### Exercise aim
Without the pictures, write the listing out again exactly as it appears.

__________________________________________________

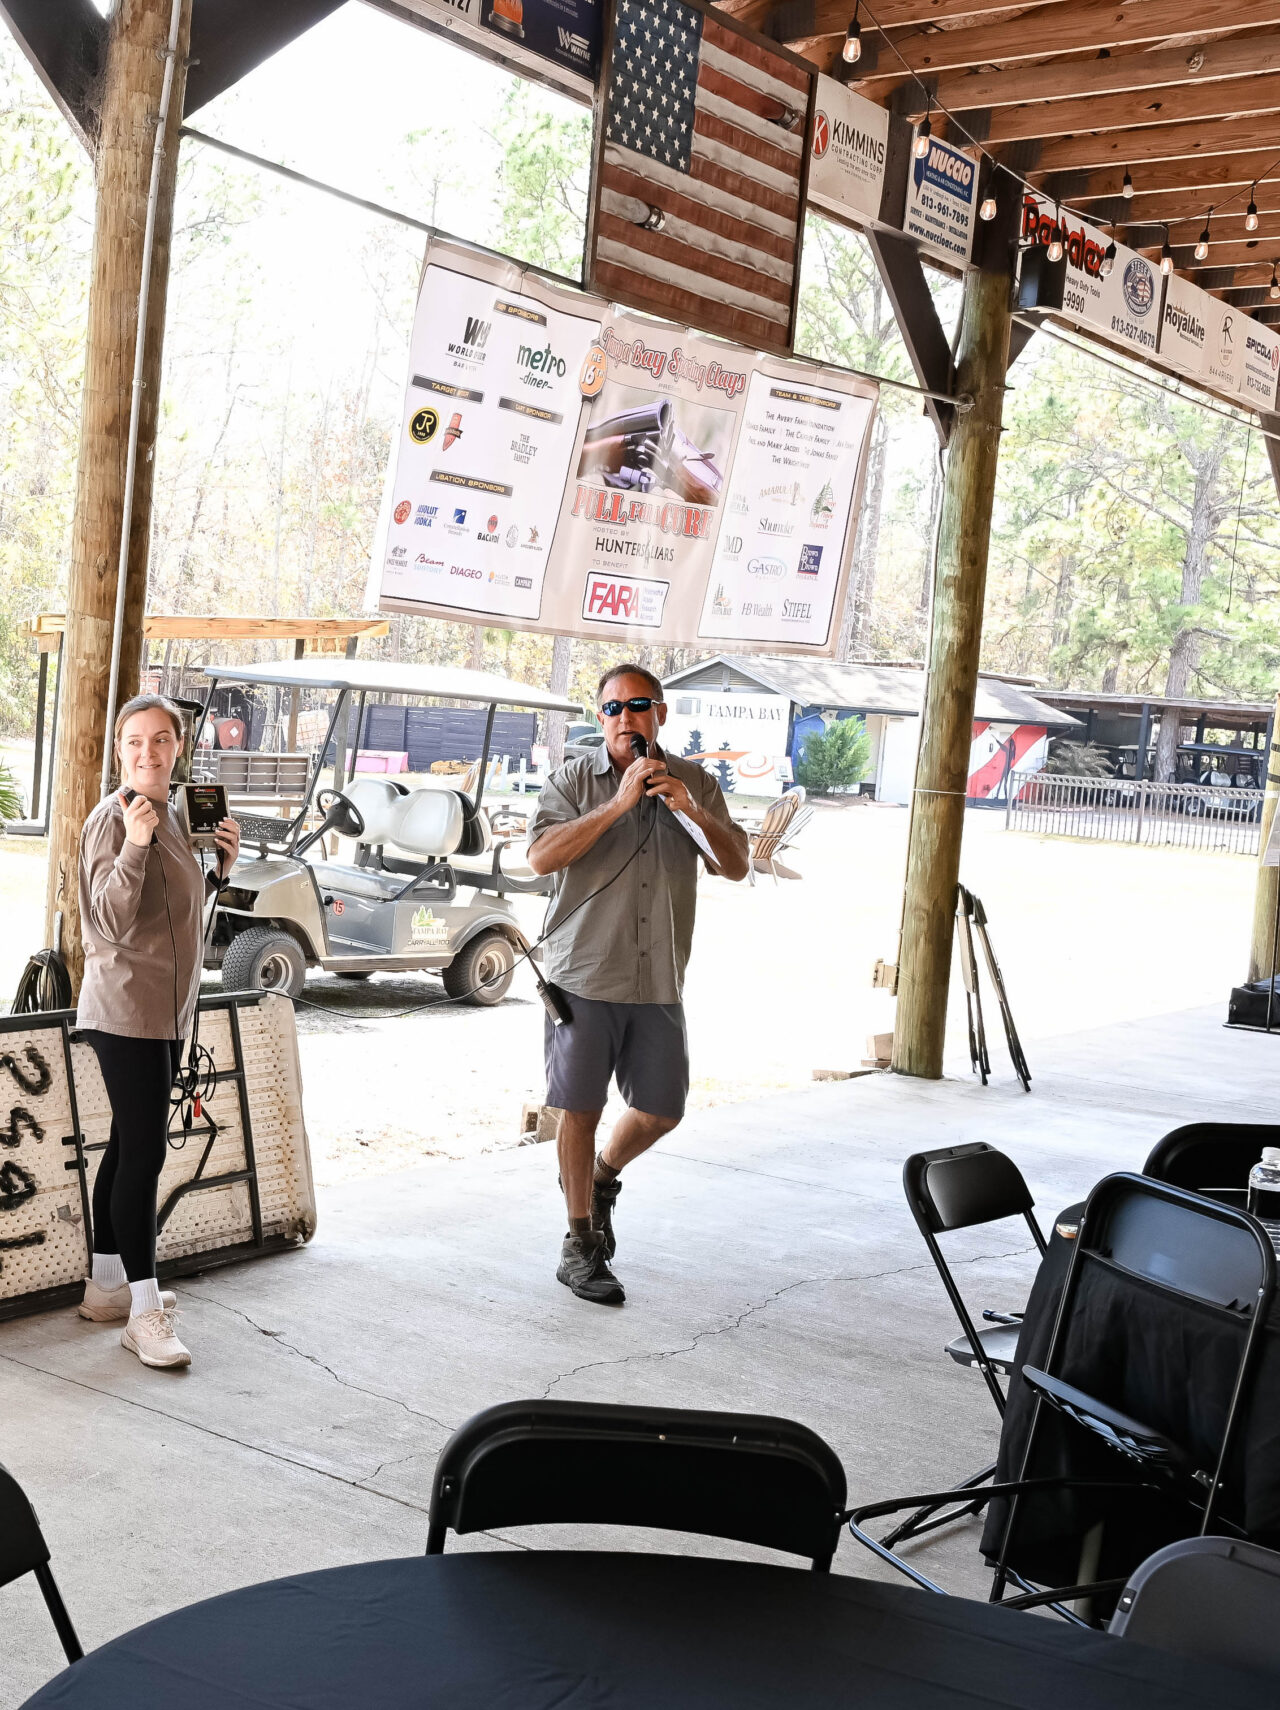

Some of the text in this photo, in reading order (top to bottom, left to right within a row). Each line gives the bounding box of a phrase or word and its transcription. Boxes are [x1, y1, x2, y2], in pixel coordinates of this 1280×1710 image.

[832, 118, 885, 165] KIMMINS
[831, 143, 868, 168] CONTRACTING
[927, 146, 972, 186] NUCCIO
[908, 220, 967, 257] www.nuccioac.com
[1079, 280, 1090, 295] Duty
[1165, 303, 1205, 342] RoyalAire
[1111, 315, 1155, 349] 813-527-0679
[1245, 336, 1272, 360] SPICOLA
[517, 342, 566, 378] metro
[631, 339, 668, 378] Bay
[705, 360, 747, 399] Clays
[775, 390, 791, 399] TEAM
[766, 410, 775, 421] THE
[520, 433, 531, 444] THE
[785, 428, 795, 438] THE
[510, 440, 538, 457] BRADLEY
[766, 440, 783, 450] MARY
[772, 454, 781, 465] THE
[593, 526, 630, 537] HOSTED BY
[414, 553, 446, 567] Beam
[592, 558, 629, 569] TO BENEFIT
[747, 558, 783, 578] GASTRO
[449, 565, 483, 580] DIAGEO
[588, 581, 640, 619] FARA
[753, 603, 773, 618] Wealth
[781, 599, 813, 620] STIFEL
[706, 703, 785, 721] TAMPA BAY
[334, 901, 343, 914] 15
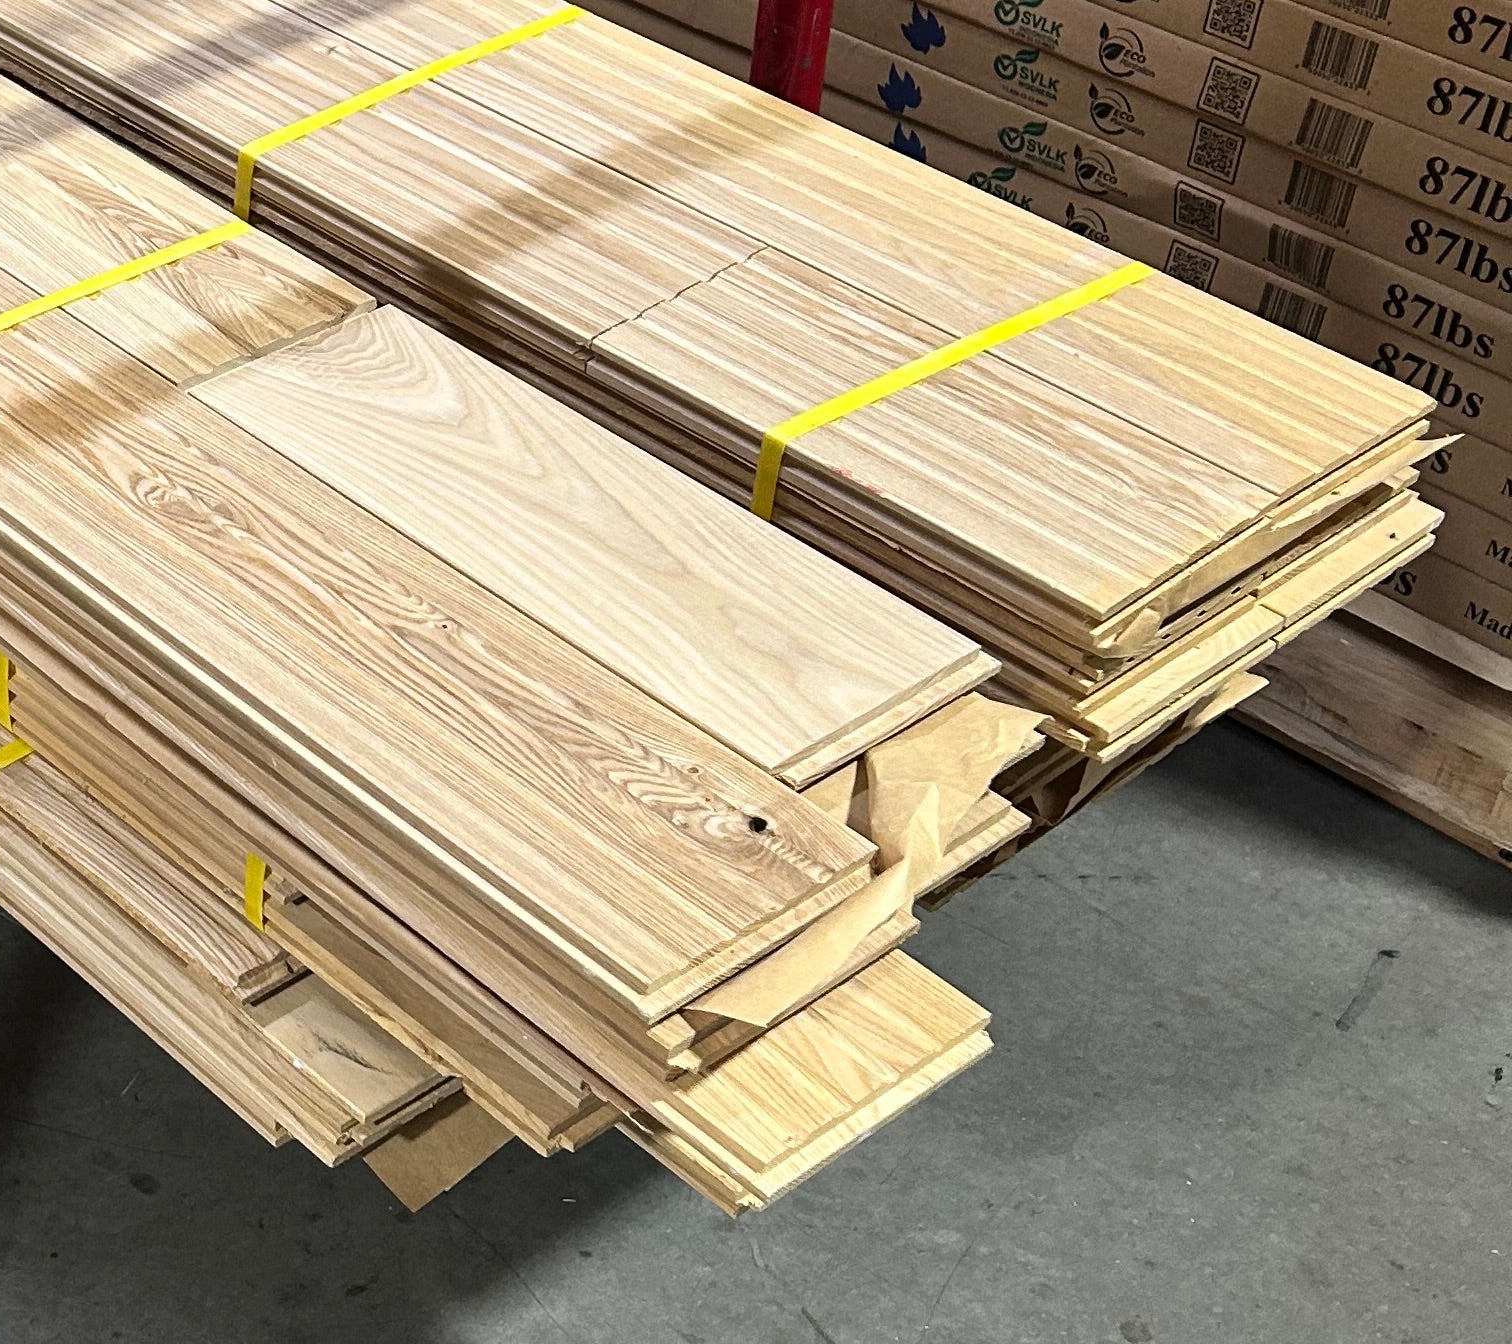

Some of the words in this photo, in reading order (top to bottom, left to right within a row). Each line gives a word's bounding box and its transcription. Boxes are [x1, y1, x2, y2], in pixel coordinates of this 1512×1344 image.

[1018, 66, 1060, 92] SVLK
[1382, 283, 1495, 360] 87lbs
[1370, 342, 1484, 418] 87lbs
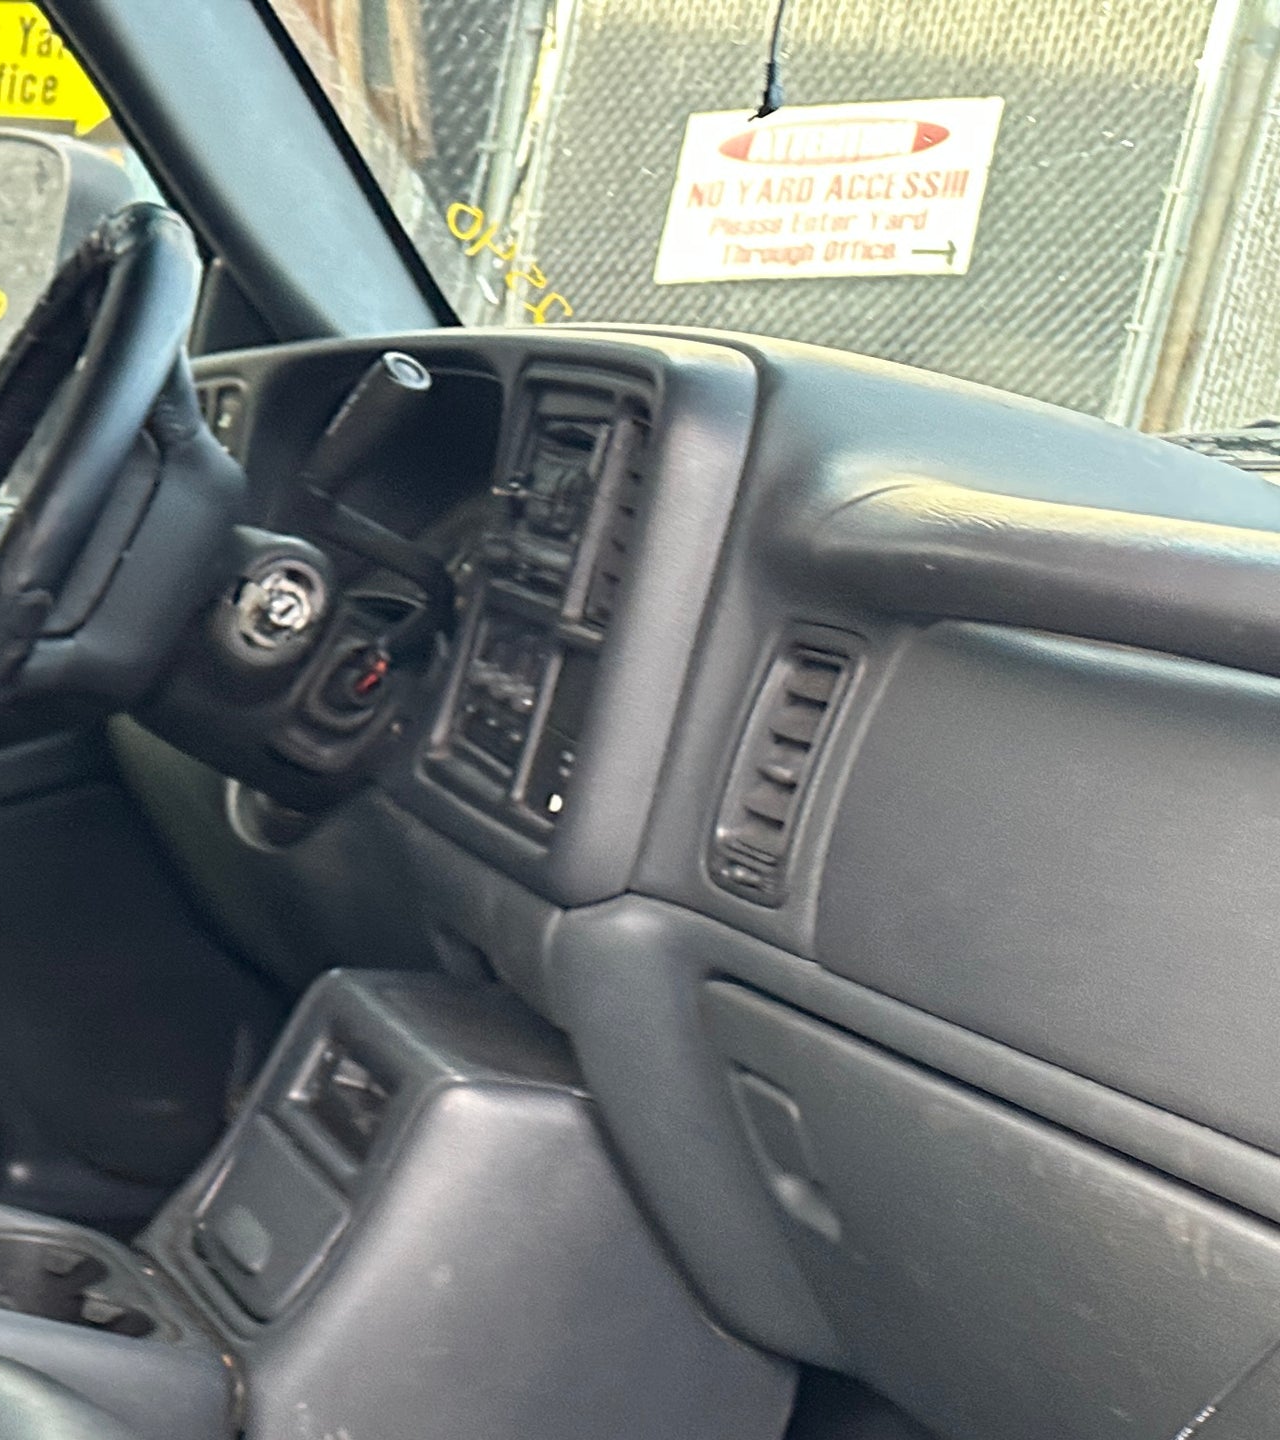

__________________________________________________

### Reply
Some of the text in this photo, in reading order (top to bottom, left to right within a row). Each line gives the bounding box of a phrase or word and its transcription. Boxes are [x1, y1, x2, y2], in pixel coordinates of this 1280×1710 image.

[832, 118, 885, 165] KIMMINS
[831, 143, 868, 168] CONTRACTING
[927, 146, 972, 186] NUCCIO
[908, 220, 967, 257] www.nuccioac.com
[1079, 280, 1090, 295] Duty
[1165, 303, 1205, 342] RoyalAire
[1111, 315, 1155, 349] 813-527-0679
[1245, 336, 1272, 360] SPICOLA
[517, 342, 566, 378] metro
[631, 339, 668, 378] Bay
[705, 360, 747, 399] Clays
[775, 390, 791, 399] TEAM
[766, 410, 775, 421] THE
[520, 433, 531, 444] THE
[785, 428, 795, 438] THE
[510, 440, 538, 457] BRADLEY
[766, 440, 783, 450] MARY
[772, 454, 781, 465] THE
[593, 526, 630, 537] HOSTED BY
[414, 553, 446, 567] Beam
[592, 558, 629, 569] TO BENEFIT
[747, 558, 783, 578] GASTRO
[449, 565, 483, 580] DIAGEO
[588, 581, 640, 619] FARA
[753, 603, 773, 618] Wealth
[781, 599, 813, 620] STIFEL
[706, 703, 785, 721] TAMPA BAY
[334, 901, 343, 914] 15

Some of the words in this photo, in reading order (top to bottom, left to right within a row). Each line gives a word's bounding box and its transcription. Boxes are [x1, y1, x2, y2], in pixel coordinates of this 1512×1344 image.

[1018, 66, 1060, 92] SVLK
[1382, 283, 1495, 360] 87lbs
[1370, 342, 1484, 418] 87lbs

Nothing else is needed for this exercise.